Exercise brief |
Beginning with the line where "this 1920×1440 image." appears, retype every remaining line of the data below, both the first and last included.

--

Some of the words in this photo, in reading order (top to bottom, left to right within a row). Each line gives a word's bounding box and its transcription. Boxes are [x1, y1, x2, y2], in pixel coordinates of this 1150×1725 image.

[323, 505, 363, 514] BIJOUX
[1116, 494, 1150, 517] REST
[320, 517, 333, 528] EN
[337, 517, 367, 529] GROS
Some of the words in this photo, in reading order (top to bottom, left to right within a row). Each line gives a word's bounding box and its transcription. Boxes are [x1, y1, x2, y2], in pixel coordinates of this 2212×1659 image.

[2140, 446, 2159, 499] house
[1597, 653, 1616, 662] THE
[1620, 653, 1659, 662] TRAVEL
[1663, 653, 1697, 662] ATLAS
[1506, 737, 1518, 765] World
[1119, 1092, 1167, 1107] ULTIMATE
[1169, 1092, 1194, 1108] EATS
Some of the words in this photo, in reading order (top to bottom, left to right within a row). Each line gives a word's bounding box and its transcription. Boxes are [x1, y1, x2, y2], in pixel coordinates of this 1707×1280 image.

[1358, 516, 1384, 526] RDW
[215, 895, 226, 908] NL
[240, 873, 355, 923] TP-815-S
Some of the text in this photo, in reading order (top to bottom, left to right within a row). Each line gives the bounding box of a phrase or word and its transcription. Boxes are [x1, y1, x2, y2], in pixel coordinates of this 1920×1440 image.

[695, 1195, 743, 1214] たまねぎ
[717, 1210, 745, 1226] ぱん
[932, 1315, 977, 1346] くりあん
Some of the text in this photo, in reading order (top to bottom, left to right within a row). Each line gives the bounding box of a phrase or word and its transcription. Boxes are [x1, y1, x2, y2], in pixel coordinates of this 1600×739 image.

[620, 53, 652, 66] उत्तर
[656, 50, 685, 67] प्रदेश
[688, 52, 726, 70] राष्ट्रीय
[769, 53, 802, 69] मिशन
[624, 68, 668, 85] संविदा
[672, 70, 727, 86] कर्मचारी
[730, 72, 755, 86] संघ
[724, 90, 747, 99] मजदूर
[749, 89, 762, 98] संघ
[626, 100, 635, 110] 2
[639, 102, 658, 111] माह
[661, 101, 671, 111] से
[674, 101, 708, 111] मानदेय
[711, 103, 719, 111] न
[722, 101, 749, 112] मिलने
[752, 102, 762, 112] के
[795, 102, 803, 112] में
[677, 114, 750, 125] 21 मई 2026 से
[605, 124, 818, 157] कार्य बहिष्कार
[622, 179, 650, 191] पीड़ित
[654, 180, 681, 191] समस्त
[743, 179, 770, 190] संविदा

--

Exercise response |
Some of the text in this photo, in reading order (top to bottom, left to right within a row). Each line gives the bounding box of a phrase or word and its transcription. Boxes are [x1, y1, x2, y2], in pixel coordinates of this 1920×1440 image.

[695, 1195, 743, 1214] たまねぎ
[717, 1210, 745, 1226] ぱん
[932, 1315, 977, 1346] くりあん
Some of the text in this photo, in reading order (top to bottom, left to right within a row). Each line gives the bounding box of a phrase or word and its transcription. Boxes are [x1, y1, x2, y2], in pixel coordinates of this 1600×739 image.

[620, 53, 652, 66] उत्तर
[656, 50, 685, 67] प्रदेश
[688, 52, 726, 70] राष्ट्रीय
[769, 53, 802, 69] मिशन
[624, 68, 668, 85] संविदा
[672, 70, 727, 86] कर्मचारी
[730, 72, 755, 86] संघ
[724, 90, 747, 99] मजदूर
[749, 89, 762, 98] संघ
[626, 100, 635, 110] 2
[639, 102, 658, 111] माह
[661, 101, 671, 111] से
[674, 101, 708, 111] मानदेय
[711, 103, 719, 111] न
[722, 101, 749, 112] मिलने
[752, 102, 762, 112] के
[795, 102, 803, 112] में
[677, 114, 750, 125] 21 मई 2026 से
[605, 124, 818, 157] कार्य बहिष्कार
[622, 179, 650, 191] पीड़ित
[654, 180, 681, 191] समस्त
[743, 179, 770, 190] संविदा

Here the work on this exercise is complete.